Beranda » Tradisi Unik dan Konflik dalam Novel Burung Kayu

Tradisi Unik dan Konflik dalam Novel Burung Kayu

Tradisi muturuk adalah tarian adat suku mentawai unik yang membuka jalan cerita pada novel Burung Kayu. Dari tarian ritual arat sabulungan (kepercayaan suku mentawai) itu, penulis langsung mengajak pembaca masuk, dan lekat ke bagian paling intim pada masyarakat pedalaman Pulau Siberut, Mentawai. Yaitu Tradisi pengangkatan Sikerei (seorang dukun) baru.
Tokoh yang diceritakan pun tak sekadar menjadi objek, tapi sekaligus subjek yang bertutur. Setidaknya terlihat dari sikap penulis yang banyak menggunakan bahasa-bahasa lokal Mentawai yang tidak diberi penjelasan, baik lewat catatan kaki atau glosarium.
Penulis cukup berhasil mengajak bertamasya memasuki dunia fiksi yang dibuatnya yaitu uma suku-suku di pedalaman. Muturuk tak sekadar tari-tarian untuk tontonan. Ada kesakralan tradisi dan budaya yang melekat. Kepercayaan yang kompleks, yang setiap unsurnya tidak dapat dipisahkan satu dengan lainnya.
Novel bergenre fiksi ilmiah dengan pendekatan studi antropologis ini tidak hanya mengulas aspek tradisi. Tuturan yang mengombinasikan naratif imajinatif membuka sepenggal kisah sejarah masa lalu masyarakat Mentawai. Tradisi menjaga kehormatan, silsilah kekerabatan antar suku, perburuan di hutan, hikayat, hingga soal-soal kepercayaan terhadap roh-roh moyang, yang menyatu dengan keharmonisan alam semesta. Juga perseteruan dendam antar suku yang turun temurun.
Dalam cerita cinta tokoh utamanya Saengrekerei, yang bertepuk sebelah tangan, dan berubah menjadi perseteruan Suku Sura-Sabbeu dan Suku Tunggul-Kelapa. Perseteruan kian meruncing karena tak sekadar urusan cinta yang tak bertuan. Lebih jauh, ada kewibawan dan kehormatan yang dipertaruhkan. Puncaknya, saat busur panah orang Suku Tunggul-Kelapa menembus dada Bagaiogok atau Aman Lageumanai, yang tak lain adalah kakak dari Saengrekerei.
Dendam semakin membuncah. Dan, demi mewarisi dendam itu kepada Lageumanai (anak Bagaiogok), Taksilitoni (istri Bagaiogok) pun menikahi Saengrekerei, adik iparnya sendiri.
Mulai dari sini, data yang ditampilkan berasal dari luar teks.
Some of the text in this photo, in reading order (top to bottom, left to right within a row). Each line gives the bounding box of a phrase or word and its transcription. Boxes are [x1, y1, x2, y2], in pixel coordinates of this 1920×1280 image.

Cerita dalam novel ini berkembang dengan alur yang melingkar-lingkar. Layaknya kehidupan masyarakat pedalaman yang dipaksa berubah oleh kebijakan negara, berpindah dari uma menuju barasi atau perkampungan buatan pemerintah. Babak baru pembangunan kesejahteraan versi pemerintah, yang kemudian hari membuka jalan atas penguasaan hutan.
Sementara, masyarakat pedalaman terancam dari kepunahan binatang-binatang buruannya, tunas-tunas sagu yang menyempit berganti beras, juga kerusakan ekositem lingkungan. Belum lagi, misionaris agama-agama resmi yang (memaksa) membawa tuhan-tuhan baru, dan mengantikan roh-roh moyang.
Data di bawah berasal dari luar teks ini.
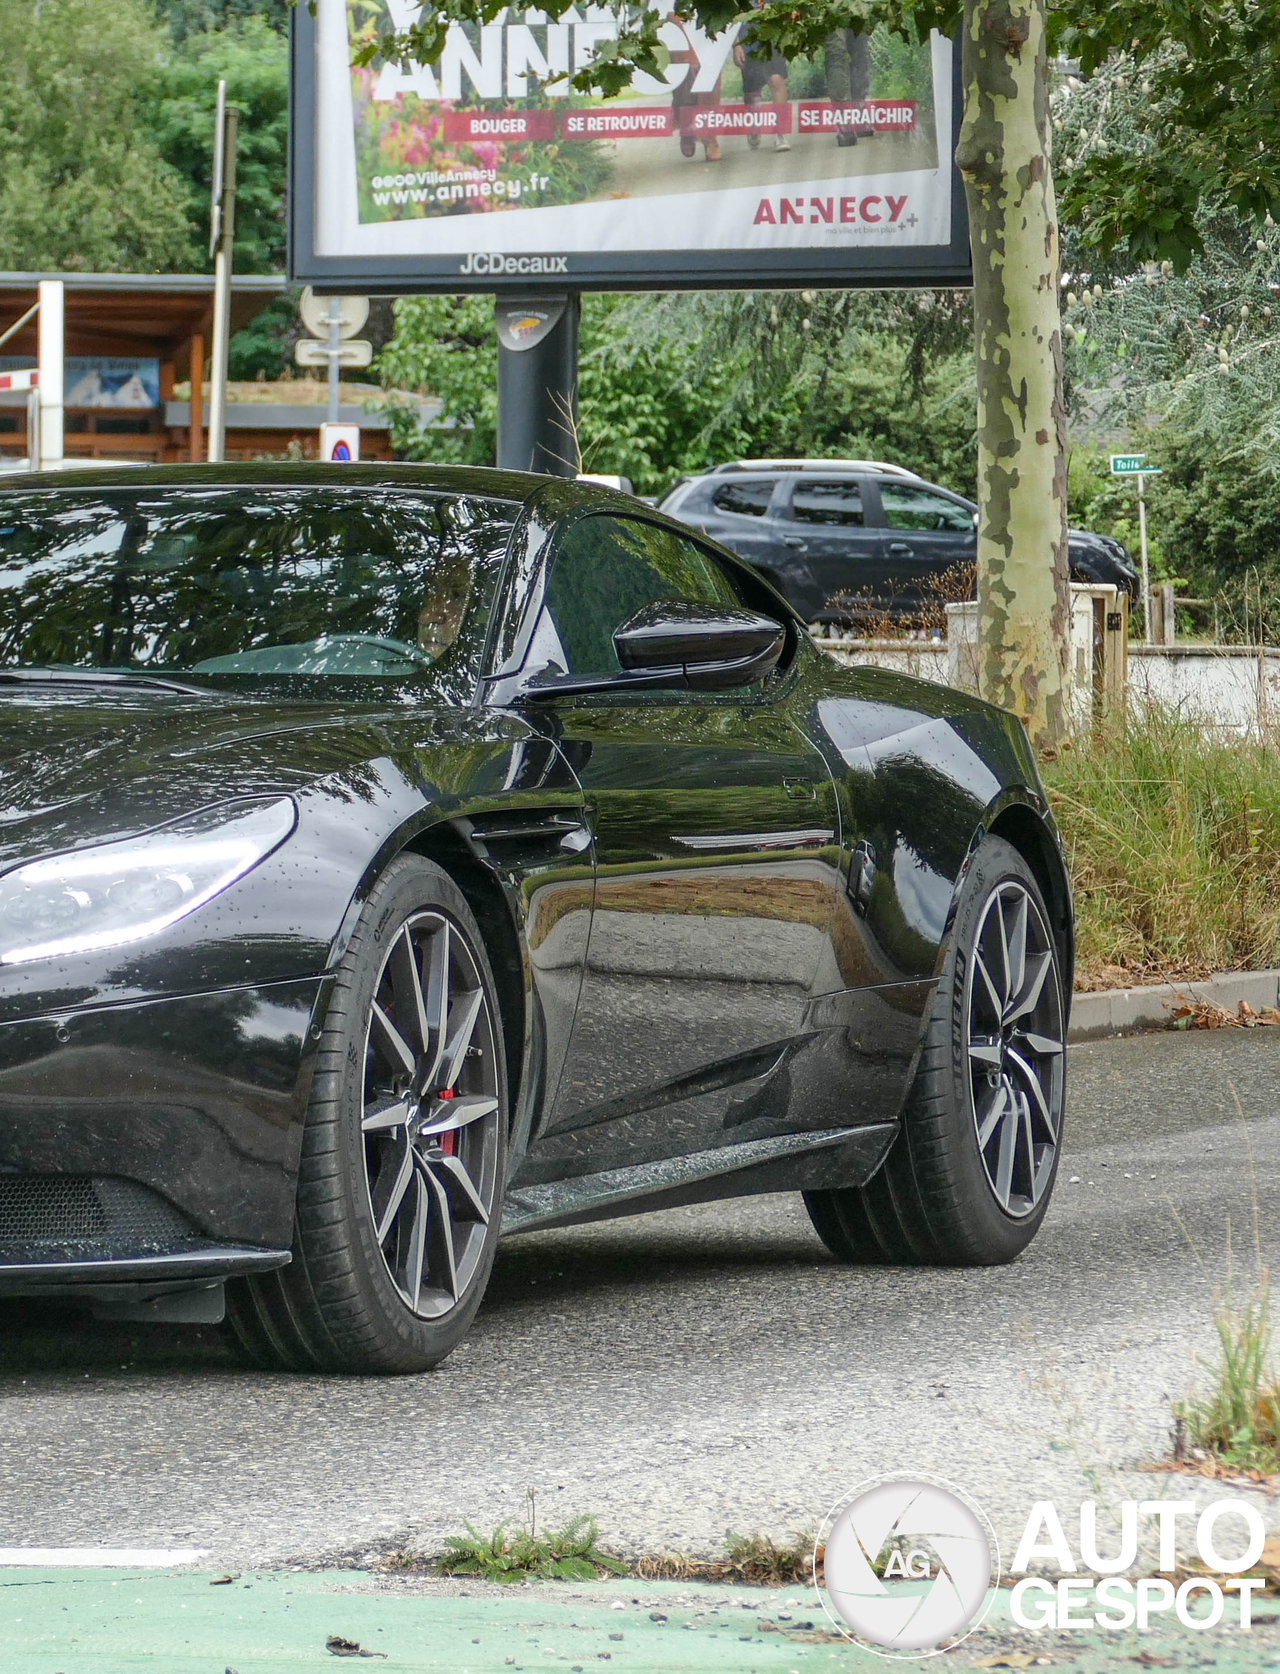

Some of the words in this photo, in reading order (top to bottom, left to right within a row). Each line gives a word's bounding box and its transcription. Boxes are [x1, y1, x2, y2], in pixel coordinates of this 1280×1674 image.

[470, 118, 527, 134] BOUGER
[568, 117, 584, 132] SE
[587, 115, 666, 131] RETROUVER
[801, 110, 819, 126] SE
[822, 105, 913, 125] RAFRAÎCHIR
[416, 168, 497, 185] VilleAnnecy
[372, 173, 550, 206] www.annecy.fr
[753, 195, 909, 225] ANNECY
[863, 226, 879, 234] bien
[880, 226, 897, 235] plus
[460, 253, 568, 274] JCDecaux
[953, 956, 966, 1099] MICHELIN
Sekali lagi, Burung Kayu mengingatkan ada kesakralan penghidupan yang hilang akibat pembangunan yang tak menempatkan manusia sebagai manusia. Ada ancaman kepunuhan warisan budaya dan tradisi masyarakat adat kita yang berganti budaya baru. Terlebih, nyanyian-nyanyian yang kerap dilantunkan dalam Arat Sabulungan tak lagi berkumandang.
Muturuk dalam akhir Burung Kayu melukiskan dengan terang.
“Sekerei-sikerei belia itu menari dan menari. Kaki-kakinya mengentak-entak lantai panggung diiringi pukulan-pukulan gejeumak dan sebuah lagu pop yang mengalun dari recorder dengan kabel berjuntai. Tato-tato tiruan dari tinta spidol hitam yang diguratkan para guru di sekolah, tak mengilap diterpa matahari”.
Dari muturuk dalam Burung Kayu, kita belajar soal-soal penghayatan atas keyakinan dan penghidupan. Sebagaimana kata Saengrekerei dalam nasehatnya kepada Lageumanai,“. Kita mesti menerima apa-apa yang yang menguntungkan bagi hidup dan kehidupan. Jiwa-jiwa kita mesti dibahagiakan.”